Anlaşılan hayatlarında bulunan tek güzel şeydi Boncuk. Her ikisi de sevginin kuruyan çatlaklardan sızıp yok olduğu evlerinde kalan tek diyalogun kediyle olduğunu ve o olmasa nasıl bir buhrana düşüp nasıl birbirleriyle karşı karşıya kalacaklarını hayal bile edemiyorlardı doğrusu ve hattâ tek korkuları artık, evlerinin hemen önünden geçen nispeten işlek o uğursuz caddeydi…

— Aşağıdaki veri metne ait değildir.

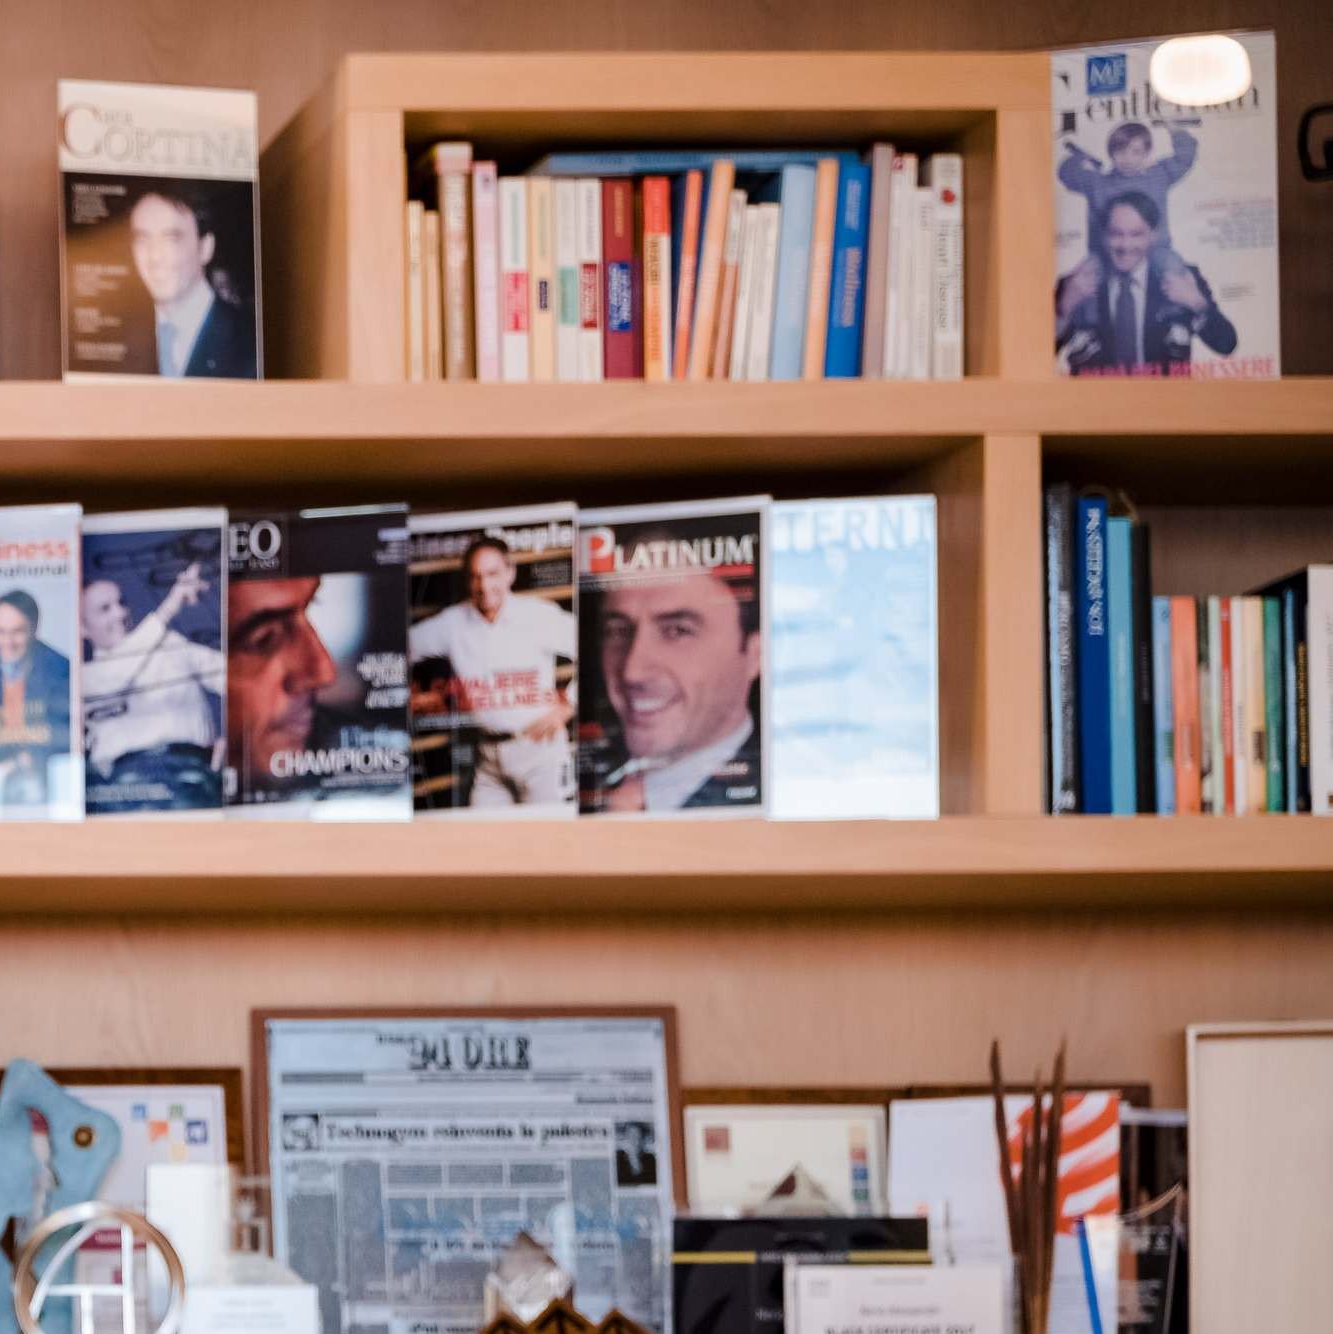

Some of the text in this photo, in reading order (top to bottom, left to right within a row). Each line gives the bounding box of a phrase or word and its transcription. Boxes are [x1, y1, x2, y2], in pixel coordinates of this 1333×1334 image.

[228, 520, 281, 561] EO
[587, 527, 756, 574] PLATINUM
[269, 748, 410, 778] CHAMPIONS

Bin bir zahmet evlerinin arka bahçeye açılan bodrum katından dışarı çıkarıyorlardı boncuğu ve o dışarıdayken neredeyse her on dakikada bir yolunu gözleyip çağırıyorlardı başına bir şey gelmesin ya da kuşların peşine takılıp yolun karşısına geçmesin diye.

Boncuk da akıllıydı elbet hem de ne akıl, hiçbir kediye benzemezdi nazı, zarafeti... Çok nadirdi caddeden karşıyı geçişi. Eğer ki içi giden o kuş sesine artık karşı koyamamışsa veya mahallede sürekli artan kedi nüfusuna yeni ve oyuncu bir ufaklık katılıp da aklını çelmemişse o gün karşıya geçmiyordu hiç.

Boncuğun tek kusuruydu kuşlar. Hayvanları her ikisi de çok sevmesine rağmen onun bu huyuna alışamamışlardı bir türlü; her çeşit maması, hazır sosisi, kaynatılmış tavuk ciğeri vardı. Hâlâ niye kuş avlamaya çalışıyordu ki?

İlişkilerinde ise, düzeleceğini düşünüyordu her şeye rağmen aslında erkek ve belki Duygu da her şeyin. Ve ‘Ilık bir bahar yağmuru gibiydi belki de onlar için aşk, ıslanmalarına rağmen yine de durmasını istemedikleri.’

Ama nafile, olmuyordu işte kabul edilmeli, alışamıyorlardı bir türlü birbirlerine ve bu yüzden bir çocuk da getiremiyorlardı akıllarına ama neyse ki Boncuk vardı.

Komşuları anlayamıyordu bir hayvanın bu kadar sevilebileceğini ve içten içe gülüyorlardı onlara; ‘insanlar nasıl bir çocuk gibi kendilerini bir kediye bu kadar kaptırır ve onu bu kadar sevebilirdi ki? Hele ki erkek? Normal değildi bu. Normal değildi bunların psikolojisi, bitmeye mahkûmdu kısa süre sonra evlilikleri. Besbelli sevgisizlik ya da inat bir çocuğa döndürmüştü hayvanı onlar için paylaşamadıkları, birbirlerinden bile kıskandıkları…’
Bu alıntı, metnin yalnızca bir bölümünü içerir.